◆ Action item ◆
Could you return every record below exactly as it stands, leaving out the pictures?
────────────────────────────────────────
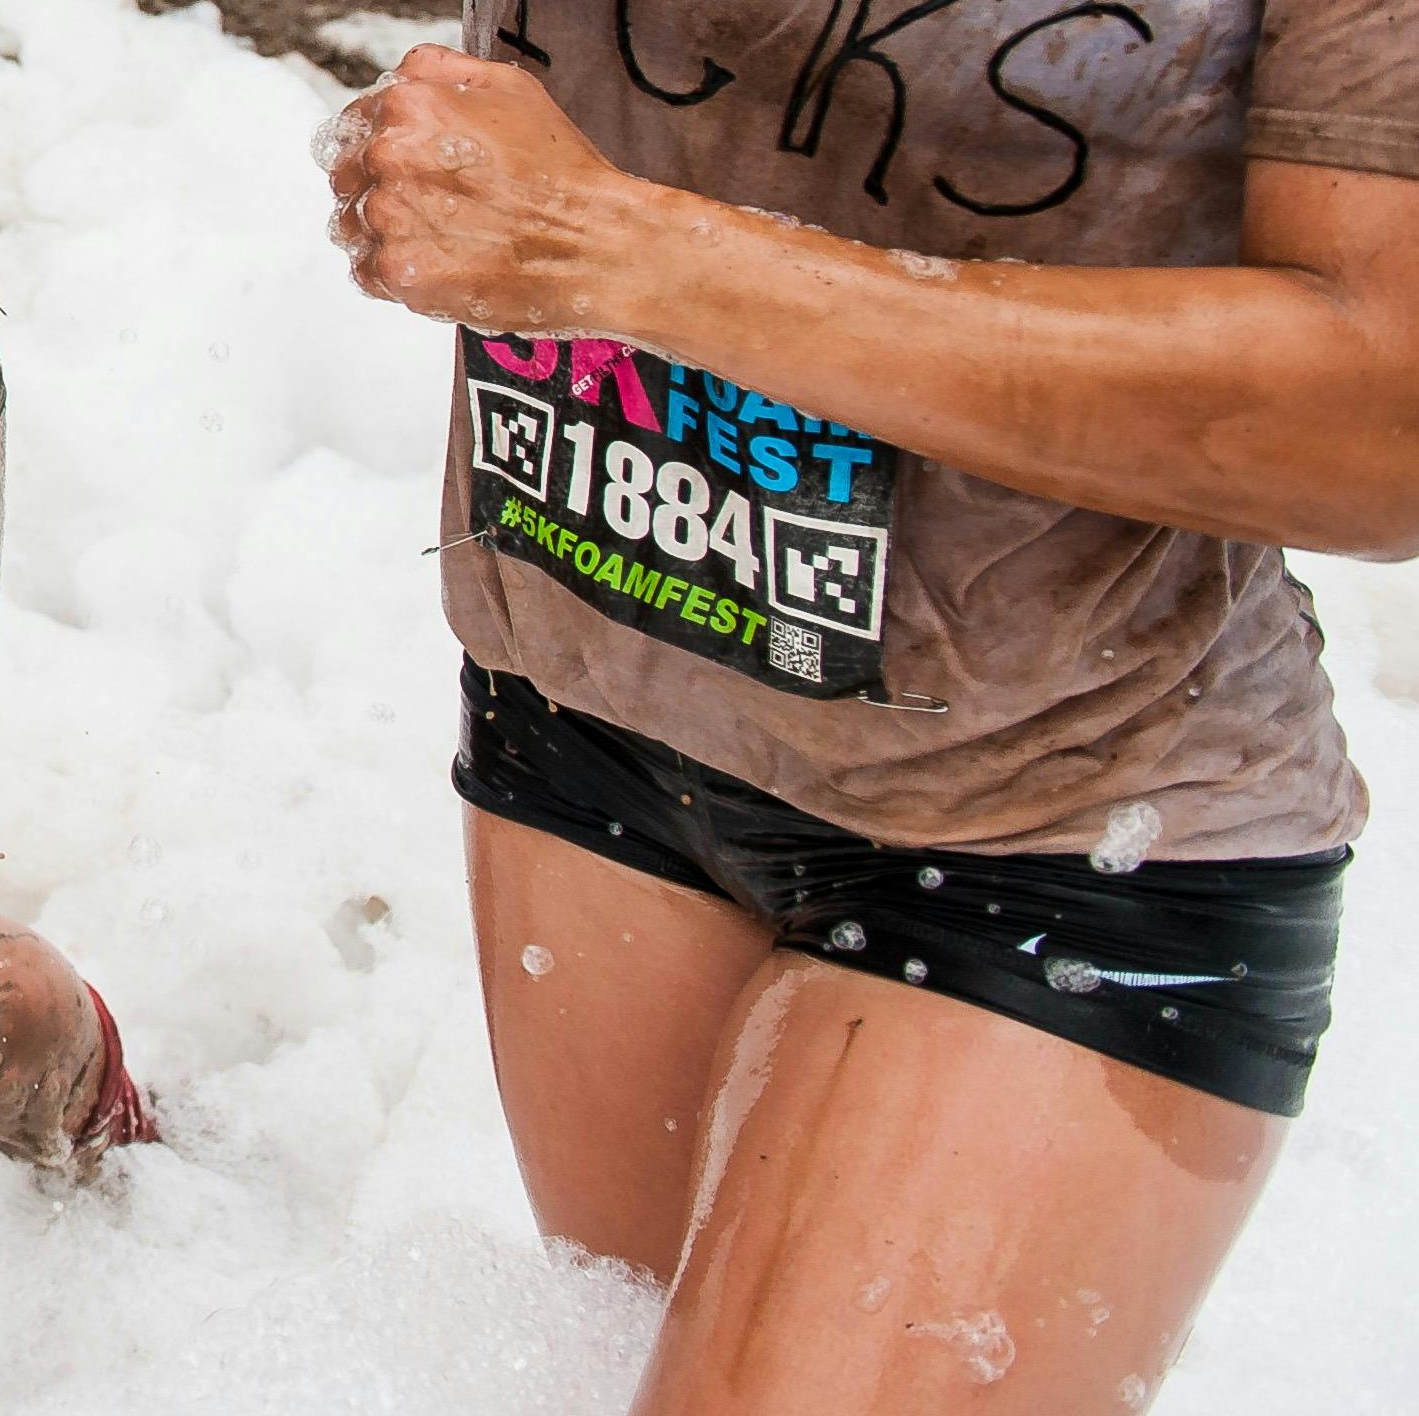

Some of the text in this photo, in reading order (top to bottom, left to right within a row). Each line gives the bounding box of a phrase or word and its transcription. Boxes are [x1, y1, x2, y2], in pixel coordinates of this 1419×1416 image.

[571, 374, 595, 397] GET
[666, 388, 873, 505] FEST
[499, 496, 767, 646] #5KFOAMFEST
[563, 420, 760, 591] 1884
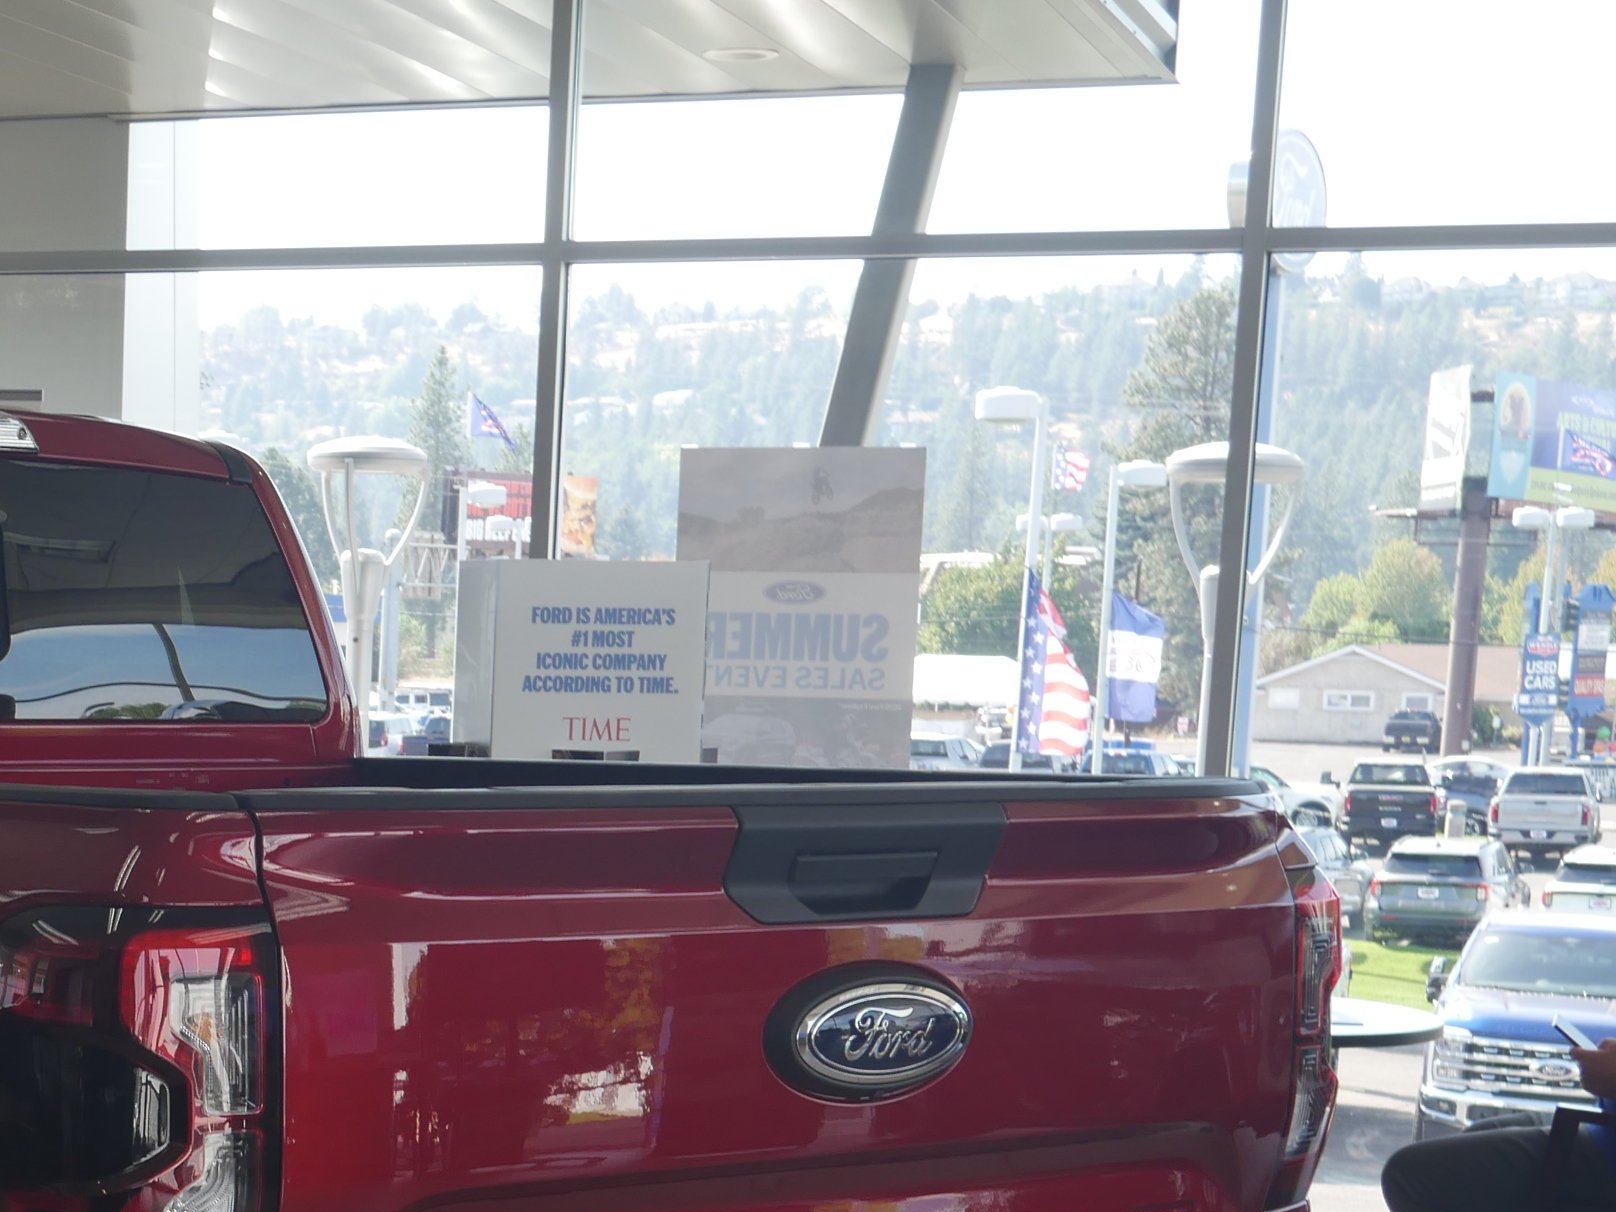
────────────────────────────────────────
◆ Problem solution ◆
Some of the text in this photo, in reading order (top to bottom, left to right within a row). Each line gives the bounding box of a phrase or word and its transcription. Boxes are [x1, y1, x2, y2], in pixel coordinates of this 1419×1416 image.

[571, 374, 595, 397] GET
[666, 388, 873, 505] FEST
[499, 496, 767, 646] #5KFOAMFEST
[563, 420, 760, 591] 1884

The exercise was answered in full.